Saturday, May 28, 2011

How are you enjoying the dark ages of computer D&D?

Remember when the 4th Edition of Dungeons & Dragons came out, and a lot of old school tabletop players criticized it for being geared toward videogames? That was three years ago, and funnily enough, there still hasn't been a new videogame release that fully implements those videogame-ish 4th edition rules. In fact, until last week, there hadn't been a new D&D video game of any kind in the last four years.

These are dark days for fans of D&D computer games, and it doesn't look like things are going to get better any time soon.

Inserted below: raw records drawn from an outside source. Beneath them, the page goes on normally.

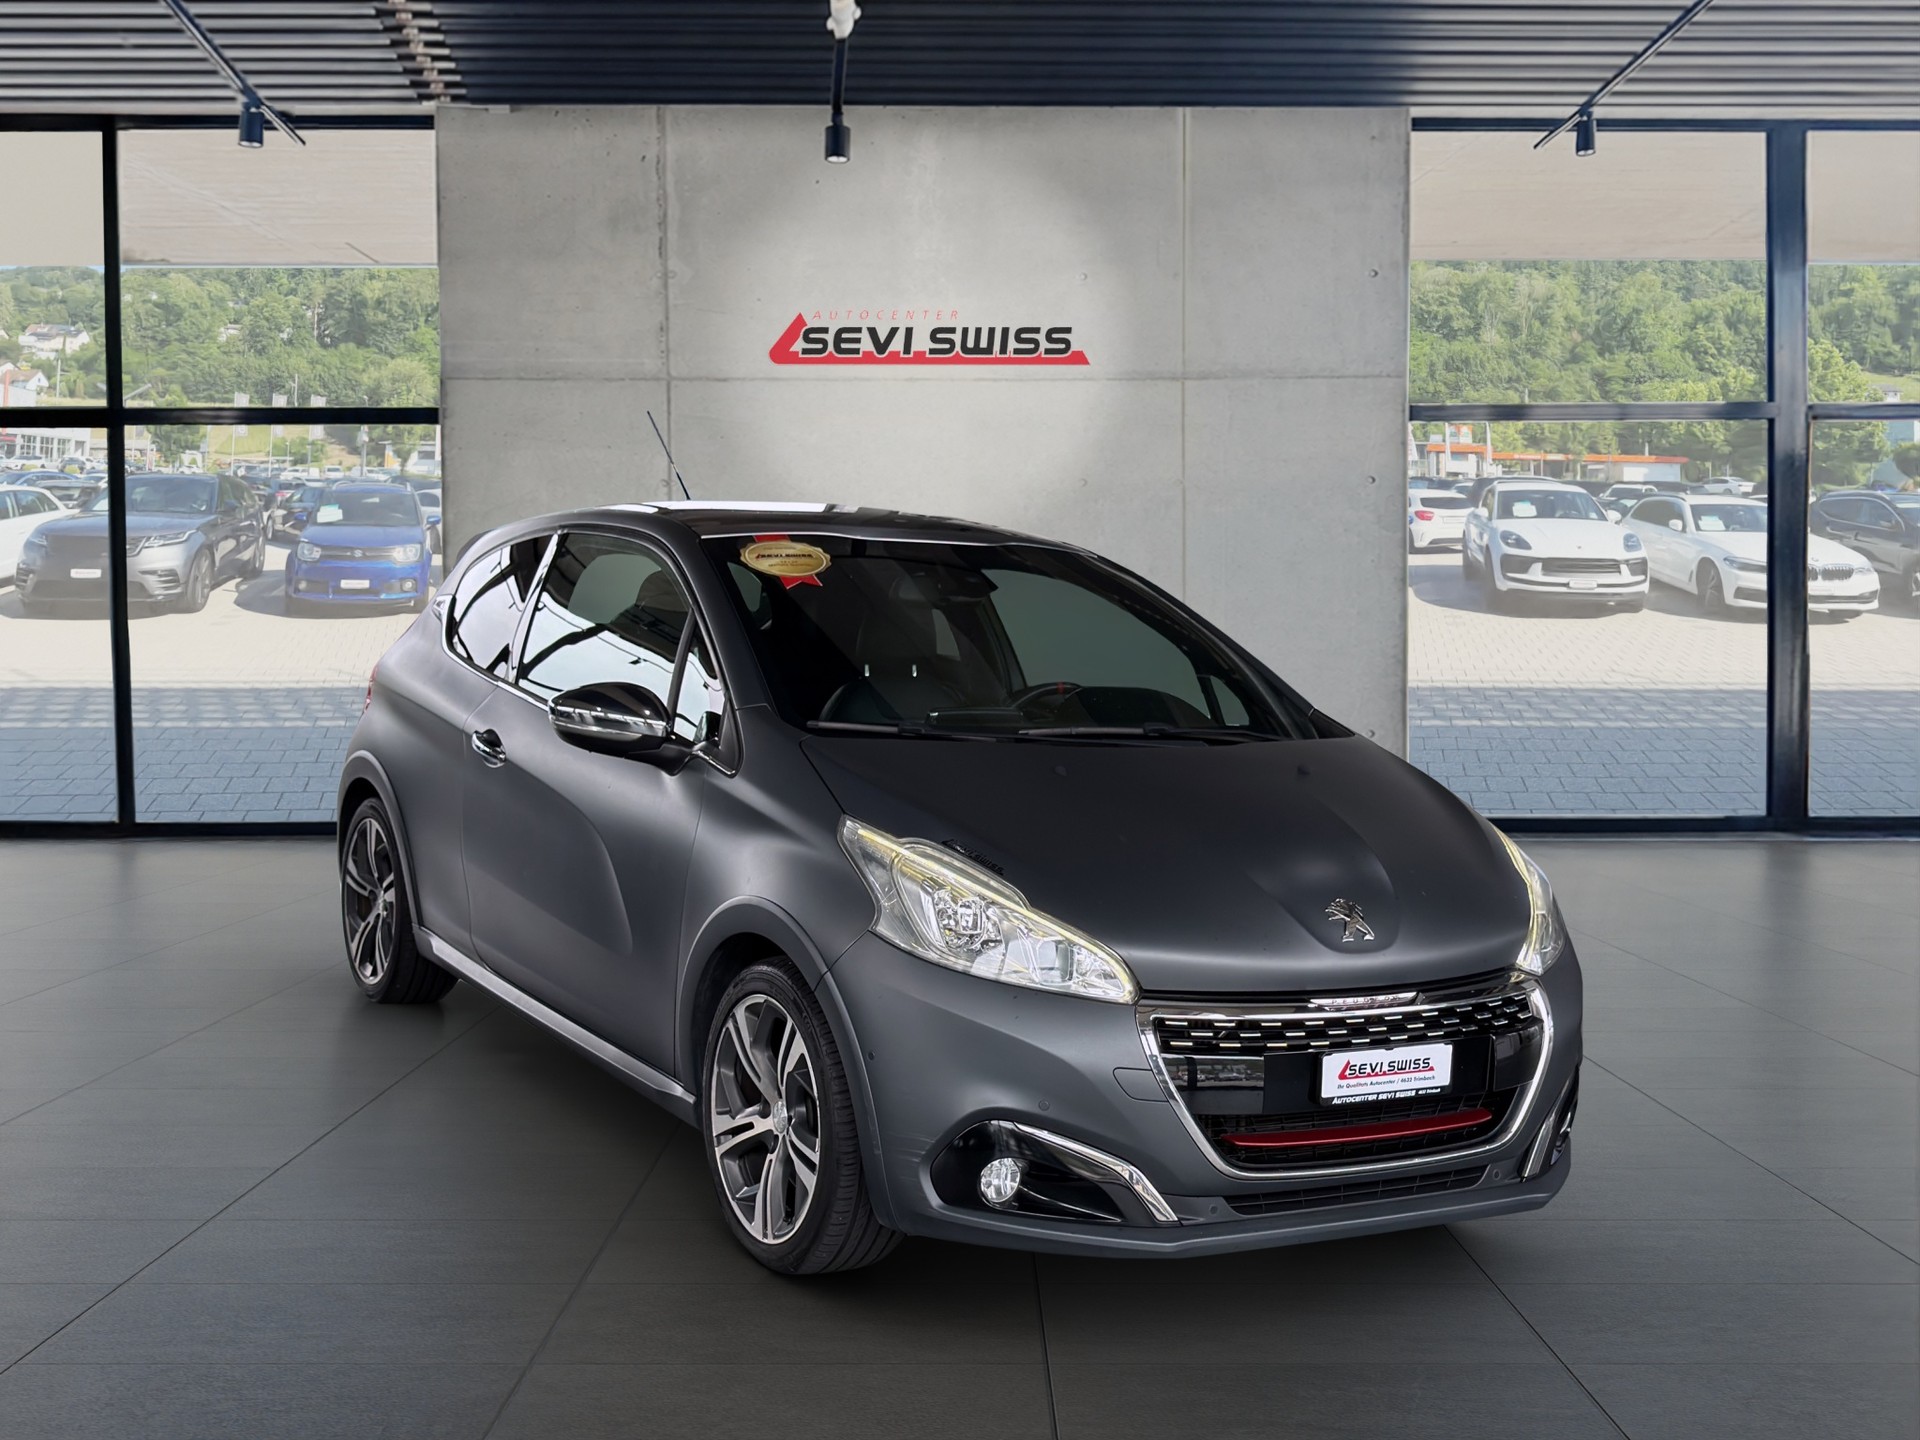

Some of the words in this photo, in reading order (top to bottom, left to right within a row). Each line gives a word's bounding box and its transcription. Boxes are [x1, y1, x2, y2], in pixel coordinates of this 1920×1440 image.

[813, 310, 959, 321] AUTOCENTER
[801, 327, 914, 355] SEVI
[929, 327, 1072, 355] SWISS
[1348, 1062, 1383, 1076] SEVI
[1388, 1058, 1431, 1072] SWISS
[1378, 1091, 1395, 1100] SEVI

Three news items popped up recently to remind us of how bad things have gotten.

Sunday, May 22, 2011

TW2 Playthrough: Uncle!

Hours In: 5
Character Level: 4
My Score: 75 (Paused)
Metacritic Score: 92 (no change)
Player Score: 90 (no change)

    Boy do I suck at The Witcher 2. In fact, for the sake of my dignity - not to mention my sanity - I'm shelving the game for the time being. How bad is it? I had to turn the Difficulty down to Easy and repeatedly check online spoilers just to make it through the Prologue. I've heard the game actually gets easier from here, but I found the sequence immediately after the Prologue to be even more frustrating.

    Mercy, please.

    Friday, May 20, 2011

    TW2 Playthrough: This is not a CRPG

    Hours In: 4
    Character Level: 2
    My Score: 75 (-10)
    Metacritic Score: 92 (-2)
    Player Score: 90 (no change)

    Good news. Installing the new beta NVIDIA driver has solved the worst of my technical difficulties, freeing me up to, you know, actually play the game. I still have the lip-flapping issue in conversations and some mouse lag on certain UI screens, but performance is fine when I'm actually running around in the game world.

    Now that I'm playing the game as it was intended to be played, I can offer my initial impressions. In my search for answers to my performance issues, I've come across a lot of other opinions about the game, and I think the critique I would offer fits with a lot of the complaints. It's early and I could easily change my opinion later, but here is what may be my final take on The Witcher 2:

    While the game is everything one could have hoped for artistically, it's decidedly not an old-school CRPG. When CD Projekt RED said the game was "designed with console in mind," they weren't kidding. Anyone who was horrified by the direction of Dragon Age 2 ought to be downright mortified by TW2.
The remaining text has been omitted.